Variability of Grading DR Screening Images among Non-Trained Retina Specialists

Andrzej Grzybowski; Piotr Brona; Tomasz Krzywicki; Magdalena Gaca-Wysocka; Arleta Berlińska; Anna Święch

doi:10.3390/jcm11113125

Variability of Grading DR Screening Images among Non-Trained Retina Specialists

J Clin Med. 2022 May 31;11(11):3125. doi: 10.3390/jcm11113125.

Authors

Andrzej Grzybowski^{1

2}, Piotr Brona³, Tomasz Krzywicki⁴, Magdalena Gaca-Wysocka³, Arleta Berlińska¹, Anna Święch⁵

Affiliations

¹ Department of Ophthalmology, University of Warmia and Mazury, 10-719 Olsztyn, Poland.
² Institute for Research in Ophthalmology, Foundation for Ophthalmology Development, 60-553 Poznan, Poland.
³ Department of Ophthalmology, Poznan City Hospital, Szwajcarska 3, 60-285 Poznan, Poland.
⁴ Department of Mathematical Methods of Informatics, University of Warmia and Mazury, 10-719 Olsztyn, Poland.
⁵ Department of Vitreoretinal Surgery, Medical University of Lublin, 20-093 Lublin, Poland.

Abstract

Poland has never had a widespread diabetic retinopathy (DR) screening program and subsequently has no purpose-trained graders and no established grader training scheme.

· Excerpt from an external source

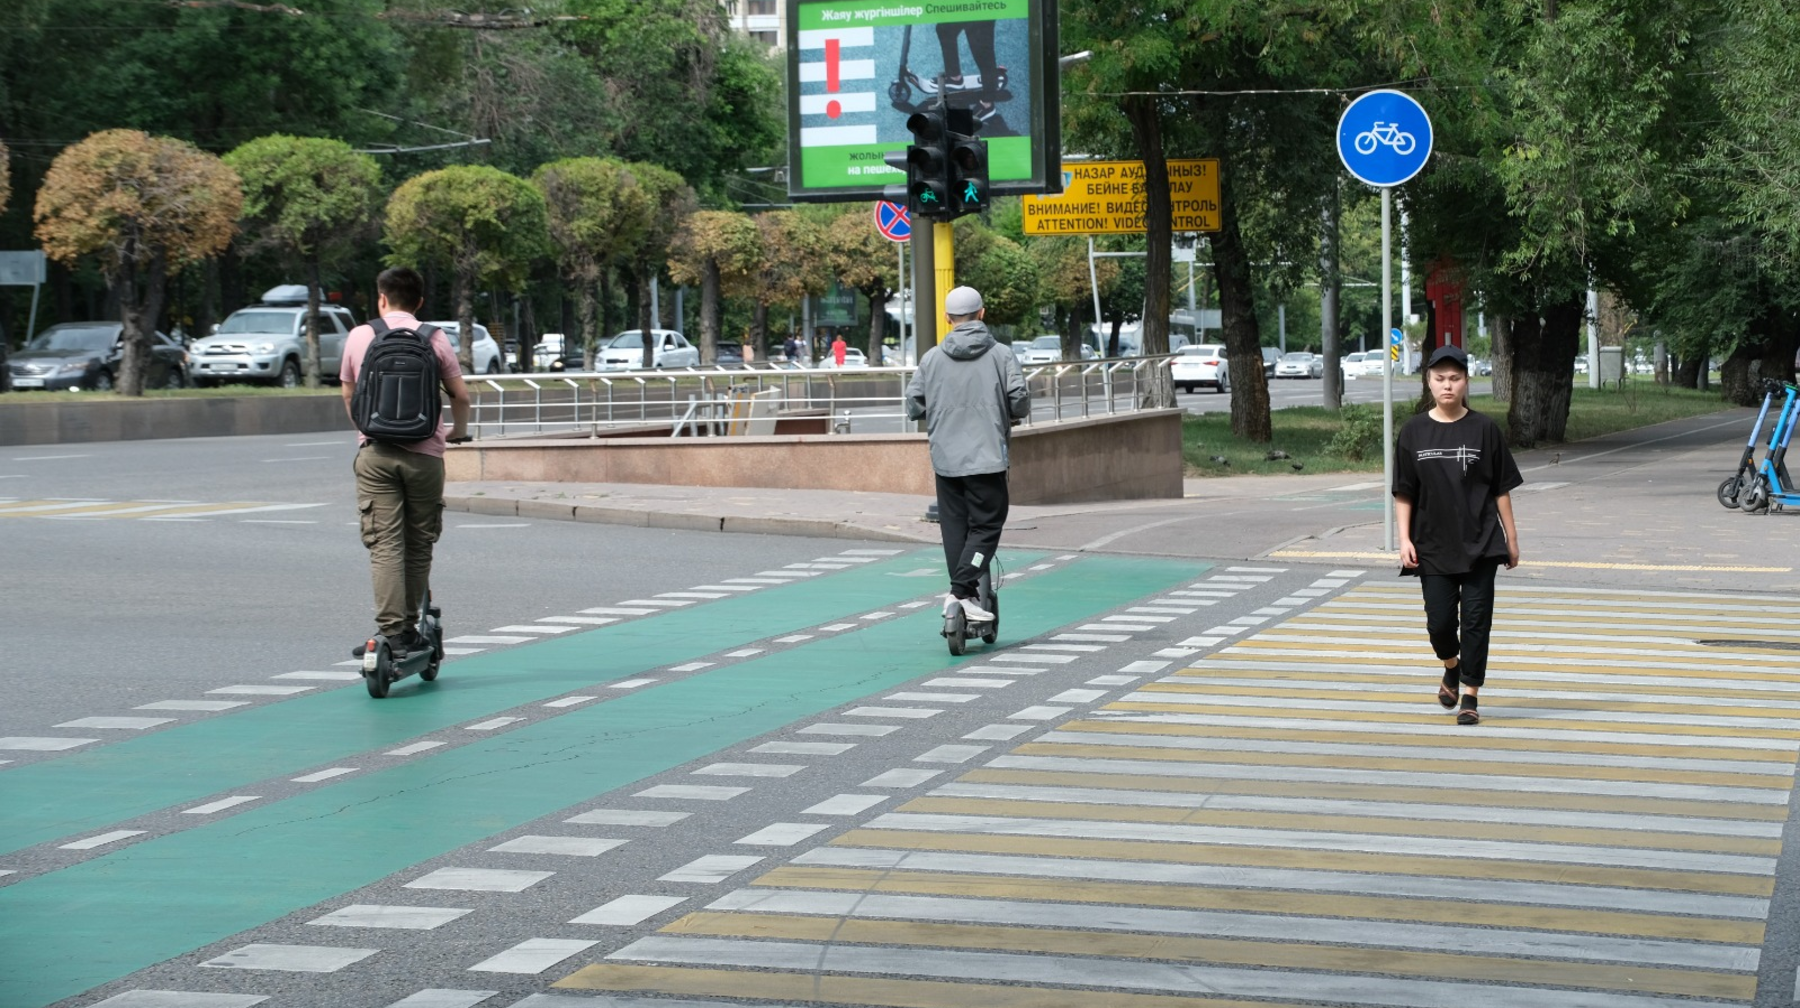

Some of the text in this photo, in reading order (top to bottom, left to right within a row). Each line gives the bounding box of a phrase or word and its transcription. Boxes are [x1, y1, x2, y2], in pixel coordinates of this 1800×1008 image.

Herein, we compare the performance and variability of three retinal specialists with no additional DR grading training in assessing images from 335 real-life screening encounters and contrast their performance against IDx-DR, a US Food and Drug Administration (FDA) approved DR screening suite. A total of 1501 fundus images from 670 eyes were assessed by each grader with a final grade on a per-eye level. Unanimous agreement between all graders was achieved for 385 eyes, and 110 patients, out of which 98% had a final grade of no DR. Thirty-six patients had final grades higher than mild DR, out of which only two had no grader disagreements regarding severity. A total of 28 eyes underwent adjudication due to complete grader disagreement. Four patients had discordant grades ranging from no DR to severe DR between the human graders and IDx-DR. Retina specialists achieved kappa scores of 0.52, 0.78, and 0.61. Retina specialists had relatively high grader variability and only a modest concordance with IDx-DR results. Focused training and verification are recommended for any potential DR graders before assessing DR screening images.

Keywords: deep learning; diabetic retinopathy grading; diabetic retinopathy screening; grader comparison; inter-grader variability.

Grants and funding

This research received no external funding.